Declarant, the [HOA], and the Owners shall have the right, but not the obligation, to enforce the covenants and restrictions set out in this Declaration. Enforcement may be made by any proceedings at law or in equity against any Person violating or attempting to violate any part of this Declaration, as such may be amended or modified, to restrain or enjoin violations thereof, to recover damages, or to seek such other relief available pursuant to applicable law. Damages shall not be deemed adequate compensation for any breach or violation of any provision of this Declaration, and Declarant, the [HOA], and each Owner ․ shall be entitled to relief by way of injunction, as well as any other remedy either at law or in equity. [Emphasis added.]
Appellants are proceeding within the terms of the Declaration. Section 10.02 certainly gives the HOA the authority to interpret the Declaration, but the HOA's interpretation is binding only “in the absence of final adjudication by a court of competent jurisdiction” that concludes otherwise. Section 10.02 thus contemplates (i) a scenario in which a homeowner's interpretation of the Declaration is at odds with the HOA's interpretation of the Declaration and (ii) that homeowner-initiated litigation successfully challenging the HOA's interpretation of the Declaration will avoid the binding effect thereof. Section 10.04, which is located in the very same article as section 10.02, expressly gives a homeowner the right alluded to by section 10.02—the right to enforce the provisions of the Declaration, which action may or may not involve challenging an HOA interpretation of the Declaration.

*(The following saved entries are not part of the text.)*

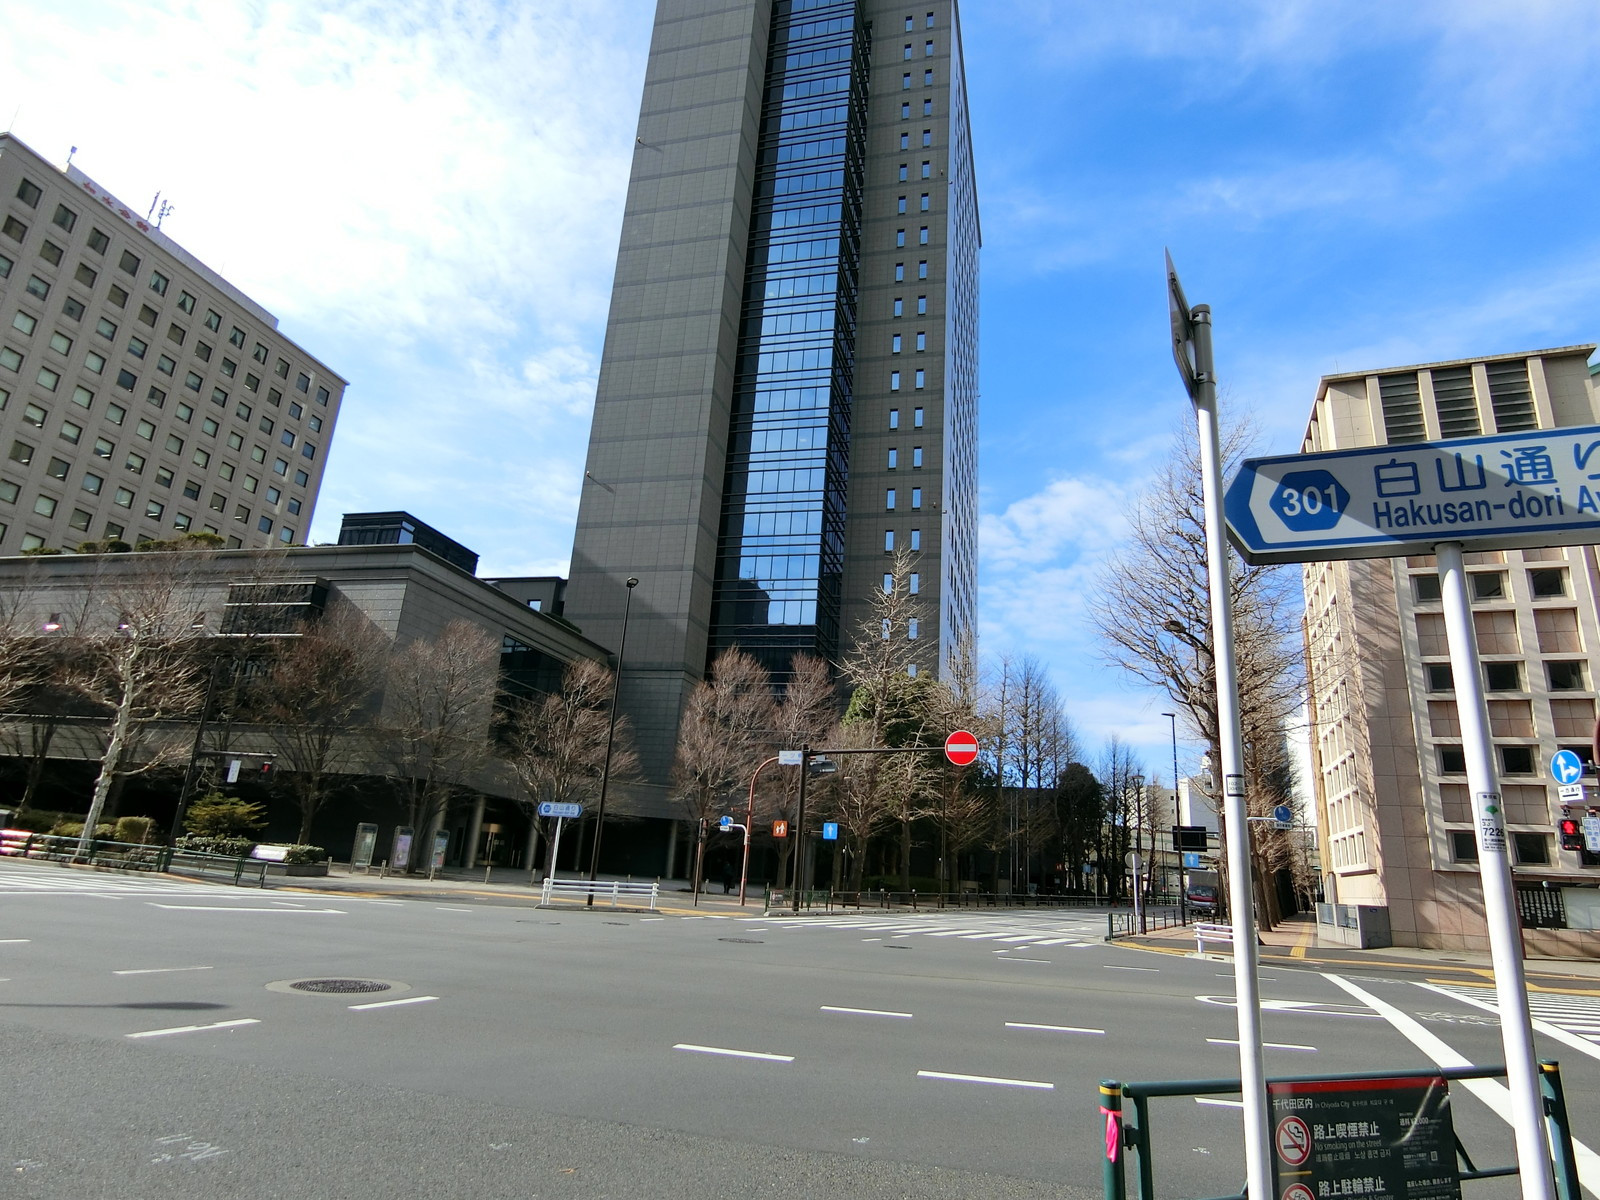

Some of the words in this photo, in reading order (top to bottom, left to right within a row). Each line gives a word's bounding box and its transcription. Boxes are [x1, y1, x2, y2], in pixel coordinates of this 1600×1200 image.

[1282, 484, 1338, 517] 301
[1373, 487, 1564, 529] Hakusan-dori
[1272, 1098, 1313, 1110] 千代田区内
[1340, 1100, 1350, 1108] City
[1313, 1120, 1380, 1140] 路上喫煙禁止
[1314, 1142, 1323, 1151] No
[1324, 1141, 1347, 1151] smoking
[1348, 1141, 1357, 1149] on
[1356, 1140, 1365, 1148] the
[1366, 1139, 1381, 1148] street
[1318, 1176, 1386, 1197] 路上駐輪禁止
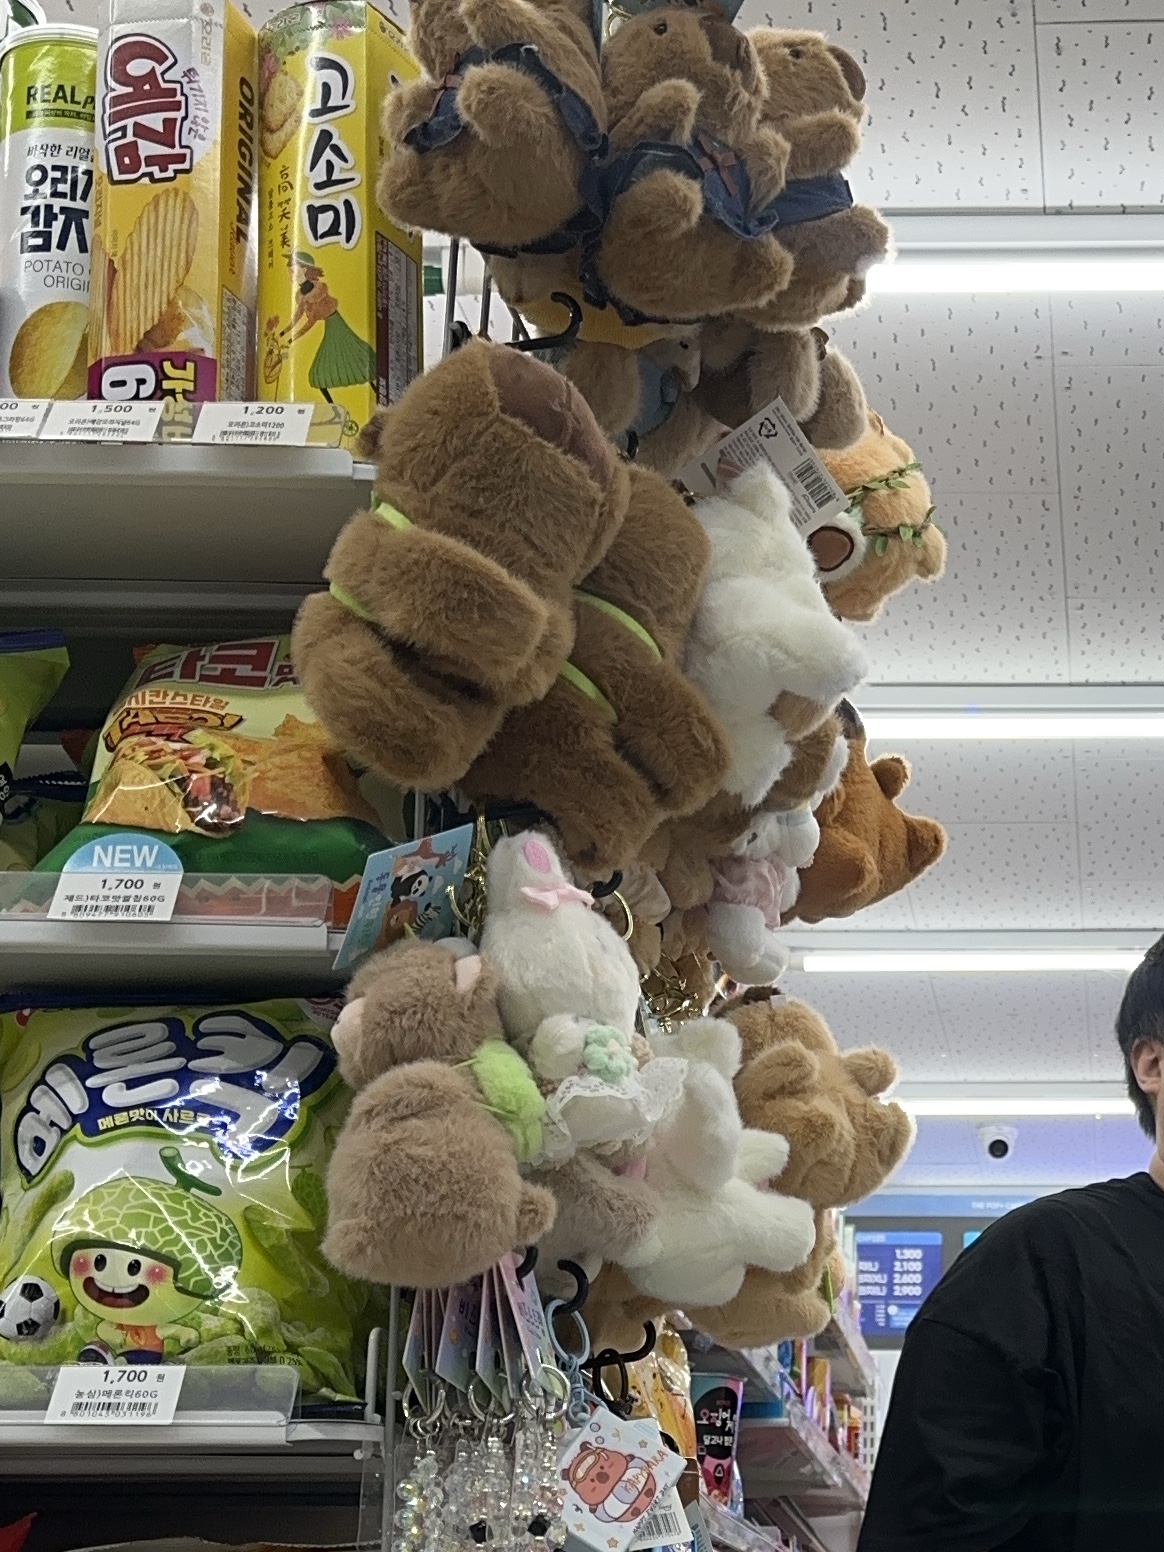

Here, Appellants sued the City in a court of competent jurisdiction, and each of their trespass, suit to quiet title, trespass to quiet title, declaratory judgment, and inverse condemnation claims challenge or implicate the HOA's interpretation of the Declaration that the HOA does not own the R2 lots. By pursuing such relief, Appellants are in effect seeking—even if indirectly—an adjudication that the HOA's interpretation of the Declaration that the HOA does not own the R2 lots is erroneous. Further, nothing in either section 10.02 or section 10.04, or in Article X, conditions Appellants' ability to file suit and seek this temporary injunctive relief upon only a prior adjudication of the HOA's Declaration interpretation. Giving effect to all of section 10.02, reconciling it with section 10.04, and considering the nature of, and the relief sought by, Appellants' claims, section 10.02 is no impediment to Appellants' application for temporary injunctive relief. See J.M. Davidson, 128 S.W.3d at 229 (reasoning that when construing written agreement, no single provision taken alone will be given controlling effect and that all provisions must be considered with reference to whole instrument).
2. Public Recreation Use
The City argues that the Joint Venture could not have intended to convey the R2 lots to the HOA because the Joint Venture's “clear and express intent was to exclude the R2 lots from the Declaration, and instead to designate them for ‘public recreation use.’ ” As support, the City observes that “the Declaration by its express terms affects only ‘the Property’ ” and that the R2 lots were excluded from the Declaration's definition of that term.2 The City improperly blurs the careful distinction that the Declaration intentionally draws between the Property and the Common Properties. The definition of Property excludes the R2 lots, but it also does not include the Common Properties. The Declaration provides a separate, specific, and detailed definition of Common Properties, which includes the streets, any guardhouses, the entry areas, the improvements installed by the HOA, and the following:
Any and all greenbelt areas, bicycle and/or jogging paths, landscape easements, floodways, creeks, drainage ways, open spaces, pedestrian access easement or other similar areas as shown on the Plat (as hereinafter defined) of the Subdivision, whether within or surrounding or along the boundaries of the Property. ․ [Emphasis added.]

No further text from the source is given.